Background
In the wake of the Chernobyl and the Fukushima Daiichi nuclear power plant disasters, governments around the world remain committed to involvement in the nuclear industry. The Japanese government is still looking for a way to maintain and even to export nuclear power plants. The Australian government has recently voted to construct Australia’s first nuclear waste facility and a number of state governments are committed to expanding uranium mining in their states. The French government remains committed to nuclear power plants. Many other countries are planning to introduce nuclear power plants, and nuclear power is increasingly being proposed to tackle climate change.
Resolution
Nuclear development is against important Green principles:
- It is a non-renewable resource based on the extraction of a dangerous material
- It threatens the lives and health of human beings and of all living beings and it does so over a period of thousands of centuries
- It produces new isotopes, non-existent prior to the production of nuclear energy.
- It reinforces the centralized production of power
- It supports the continued development of weapons of war, through the production of plutonium, used in nuclear warheads
- It can never be a solution to climate change.

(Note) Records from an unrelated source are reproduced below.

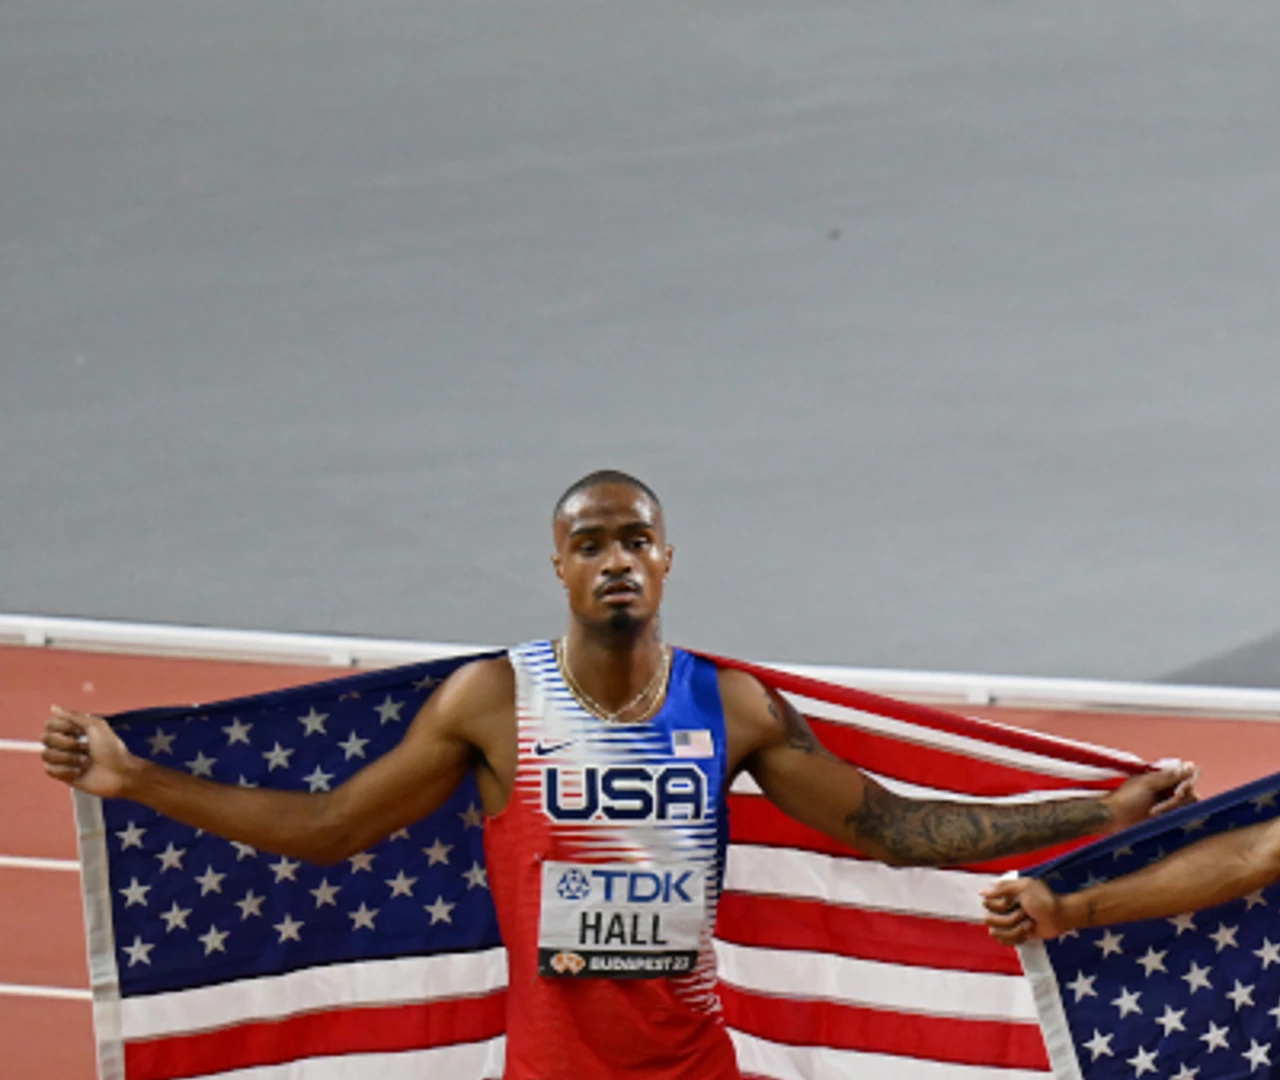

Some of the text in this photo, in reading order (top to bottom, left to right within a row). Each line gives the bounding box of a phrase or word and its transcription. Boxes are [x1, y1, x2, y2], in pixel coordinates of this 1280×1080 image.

[545, 767, 705, 820] USA
[591, 869, 693, 903] TDK
[578, 911, 668, 945] HALL
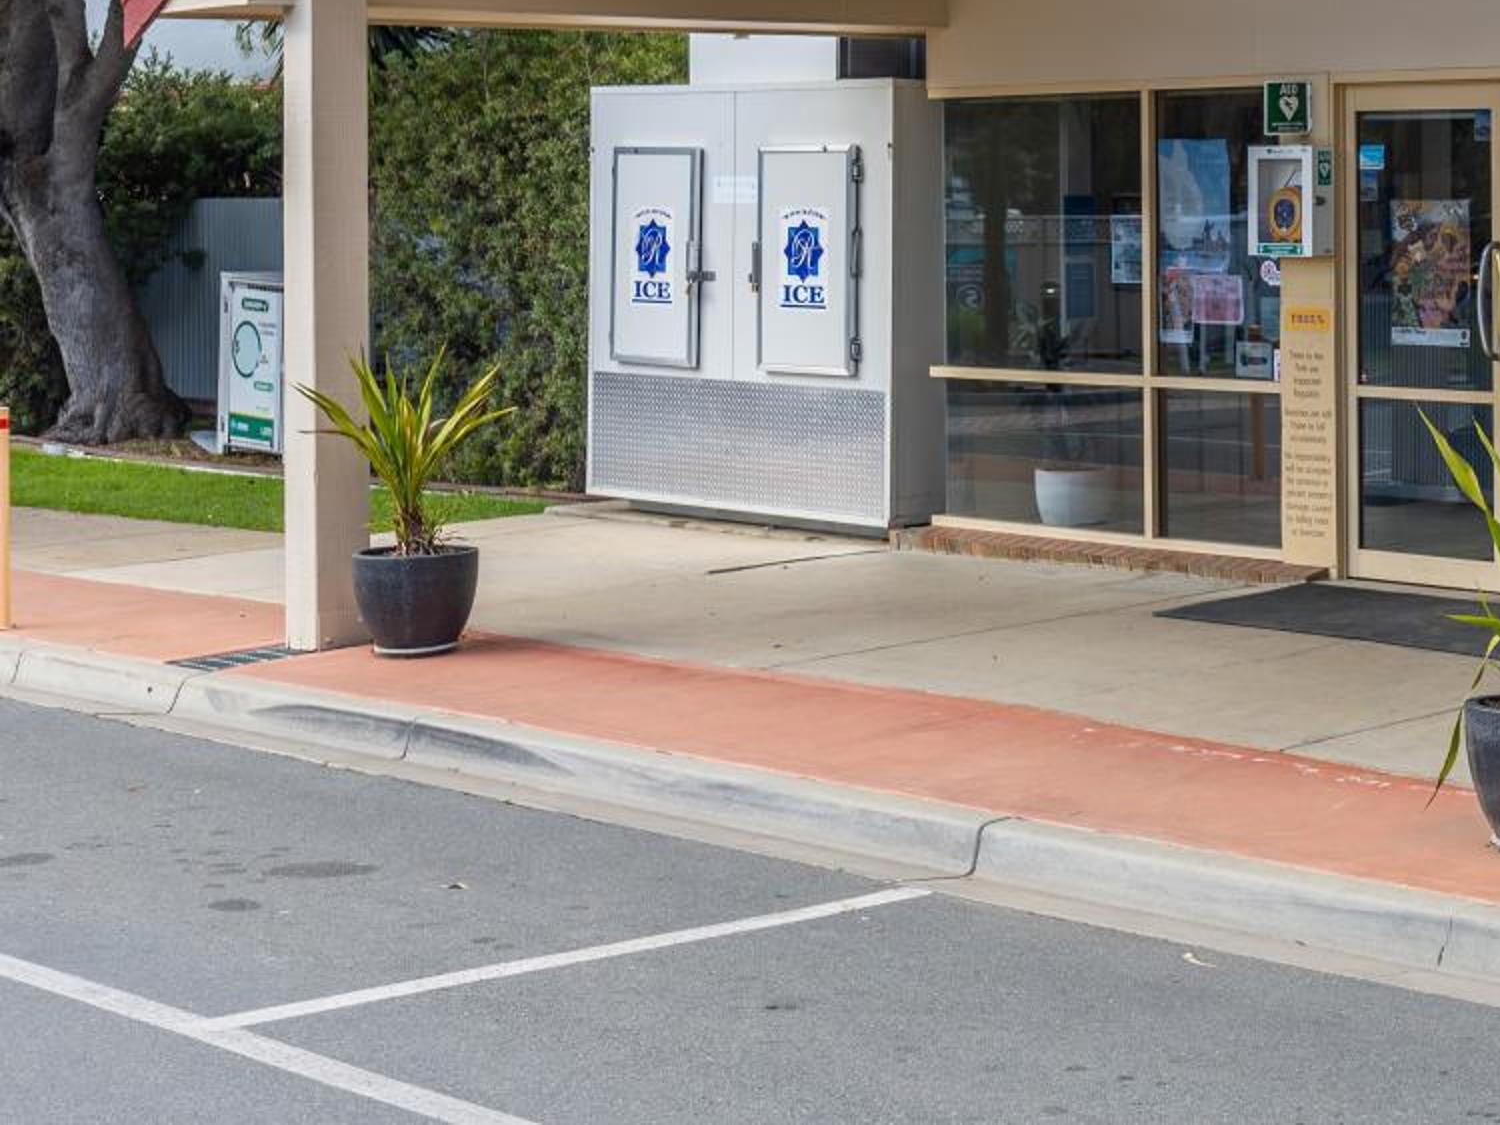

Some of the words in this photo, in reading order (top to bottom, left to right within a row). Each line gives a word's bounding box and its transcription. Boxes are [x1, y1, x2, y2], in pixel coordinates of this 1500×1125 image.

[1280, 84, 1298, 95] AED
[634, 281, 671, 299] ICE
[783, 285, 825, 304] ICE

- It is not democratic, as it impacts on countries and communities that have not agreed to be involved in the production and use of nuclear power, through locating nuclear power plants outside the countries and communities that use the power, as well as through radioactive waste, radioactive emissions and the transport of nuclear materials
Out of 54 nuclear power plants in Japan, only one is currently operating and this is due to be decommissioned in a month. This presents an opportunity for Japan to move beyond reliance on this dangerous energy source.
In this context, Greens parties will work to:
- End the mining and export of uranium;
- Achieve a global shift to safe, renewable and decentralized energy production, end the production of energy from nuclear power and decommission nuclear power plants;
- Agree on a target year by which to achieve the goals mentioned above;
- Commence the global discussion about the democratic, just and safest possible resolution of where to store nuclear waste, respecting indigenous people’s rights;
- Share strategies and information about how climate change can be tackled through the use of renewable energy and reducing energy consumption and does not require nuclear power;
- Work to get companies to take responsibility;
- Encourage global anti-nuclear movements to launch anti-nuclear activities around the globe with the initiation and participation of the Global Greens and its member parties with a focus on Japan, which has been severely damaged by the Fukushima incident, and in the largest uranium exporting nations, namely Australia, Kazakhstan, Russia, Canada and Niger.